This paper referred to the methods in [16] and compared the two most representative and advantageous HGR algorithms of RNN—BiLSTM and GRU—with the proposed algorithm. Their architectures are shown in Figure 9. The RNN-BiLSTM consists of two hidden layers that both have 64 neurons. The RNN-GRU is composed of a first hidden layer of 64 neurons and a second hidden layer of 128 neurons. At the output of the networks, a dense layer (fully connected layer) with eight nodes representing each of the hand gestures and the SoftMax activation function provides the classification probability.
The RNN-BiLSTM and RNN-GRU were implemented using the Keras library. The minibatch approach with a mini-batch size of 64 was used for training. The initial weights of the network were generated randomly. The learning rate was set as 0.001 and the number of training iterations to 40. The trained RNN-BiLSTM and RNN-GRU model classified the data as many-to-one, recognizing the input data as a single label. The inertial data collected from the LPMS-B2 module was divided into 70%(140) as a training dataset and the remaining 30%(60) as a testing dataset. The training process is 40-epochs. Table 4 and Table 5 give the confusion matrix of BiLSTM and GRU, respectively, where the row labels are actual and the column labels are predictions. We can get the average classification accuracy using RNN-BiLSTM of 98.0% and the RNN-GRU of 97.7%. That average classification accuracy of RNN-BiLSTM is better than that of 96.06% using the public data and 94.12% using the collected data reported in [16]. Likewise, the accuracy of RNN-GRU is higher than their 95.34% with their collected data but lower than their 99.16% with the public data. Considering that the data sets used are fundamentally different, it can be assumed that the recognition accuracy achieved by the two articles is similar.

5.3. Comprehensive Comparison with DTW and RNN

This section compares the overall accuracy and time cost of four algorithms on the same PC with an Intel Core processor i7-9700K (3.60 GHz).
Table 6 presents the comparison of the accuracy of all four HGR algorithms, in which BiLSTM, GRU, and the proposed algorithm all have high recognition accuracy. DTW has the worst accuracy, which has been discussed in Section 5.1. At the same time, the proposed algorithm gets the best accuracy. When considering time consumption, as listed in Table 7, the two RNN algorithms show significant disadvantages. The histogram in Figure 10 provides an intuitive expression of this substantial difference in time cost. It can be seen that among DTW and RNNs, accuracy and time cost compose a trade-off problem: higher accuracy requires more computing time. But our algorithm dramatically reduces the balance point of the trade-off problem. While maintaining high precision, the time cost of our algorithm is only 7.6%, 2.0%, and 3.3% of DTW, BiLSTM, and GRU, respectively.

5.4. Implementation and User-Independent Test

We implemented our algorithm on a small circuit board integrated with a Cortex32 M0 chip and IMU module, as shown in Figure 11. The device is as small as the size of two coins and can be fixed on the wrist without external equipment. Figure 12 shows how users interact with the intelligence speaker using our wristband. The user can perform either large or small circle gestures, and the wristband can quickly complete the recognition task online.
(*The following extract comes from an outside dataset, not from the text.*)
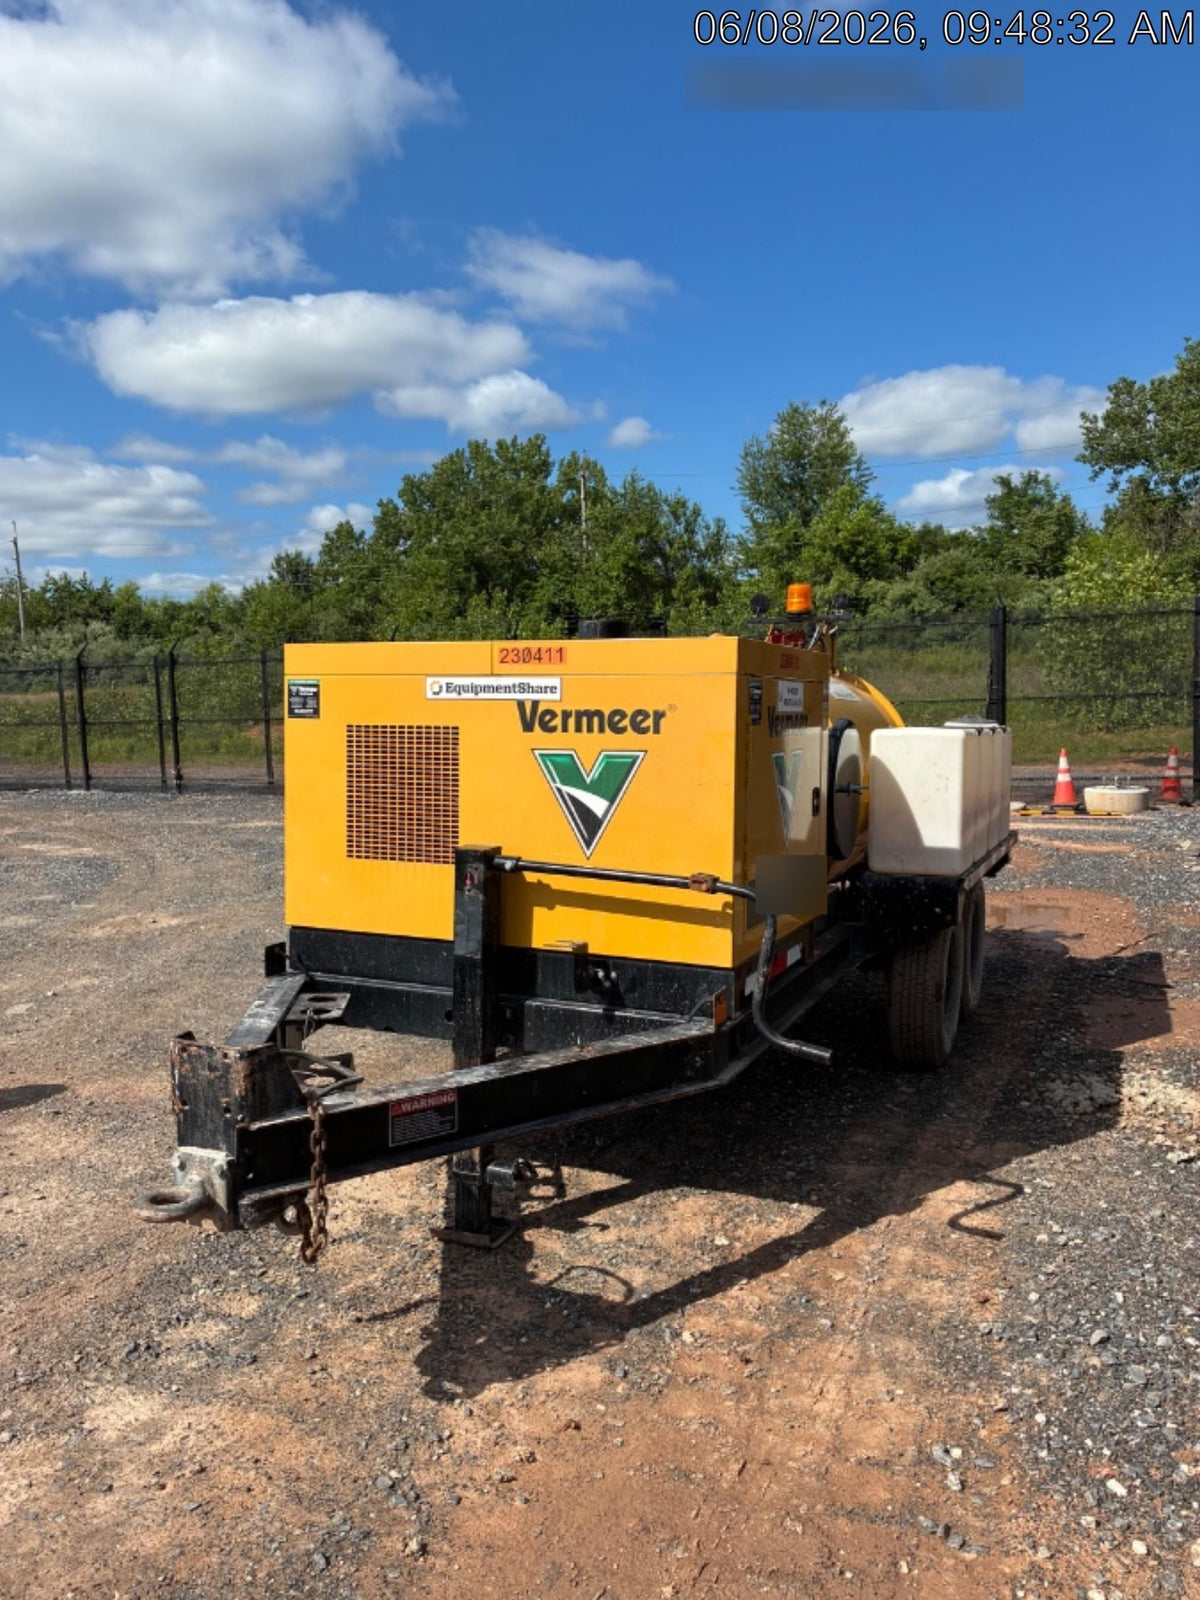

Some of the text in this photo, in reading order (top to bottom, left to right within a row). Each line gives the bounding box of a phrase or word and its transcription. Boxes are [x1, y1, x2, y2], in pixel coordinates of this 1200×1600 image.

The recognition result is directly transmitted to the intelligence speaker and its lighting components via Bluetooth to emit different sounds and light colors. The computational resource requirements are as low as Flash < 5 KB, RAM < 1 KB. The maximum battery consumption is about 13 mA × 3.3 V.
The same gesture performed by different people may vary significantly in speed and amplitude because of their different movement habits. Therefore, it is necessary to test the recognition accuracy for different people to make the product more widely used. We investigated eight participants (six males and two females) to test their individual differences. Before starting the experiment, they were told some points to remember:
1. 
Pause 1–2 s before each gesture to reset the state.
2. 
When drawing a circle, it is better to draw one and a quarter circle or more, and the diameter of the circle should not be too large. The more concise and standard the action is, the higher the accuracy will be.
3. 
When performing straight gestures, it is better to make a short and strong movement without procrastination.
With these suggestions in mind, the participants were allowed to have some time to get adapted and then they were asked to repeat each gesture 50 times. Each person’s precision is shown in Table 8, and an average precision of 97.1% is achieved. Table 9 shows the confusion matrix in the user-independent case. From Table 5, we conclude a shortcoming that if the user performs the circle gesture too largely, it is easy to be recognized as an up or down gesture. That is why user2 tested as having a relatively low accuracy comparing to other testers in Table 4. Individual differences could be large if users could not perform each gesture with the necessary consistency.
We further used the false acceptance rate (FAR) and the false rejected rate (FRR) to evaluate the performance of our algorithm in the user-independent case. Table 10 lists the FAR and FRR of each gesture. The results show the average FAR to be 0.44% and the average FRR to be 3.08%. They are close to the authentication system (FAR of 0.27%, FRR of 4.65%) achieved in [3].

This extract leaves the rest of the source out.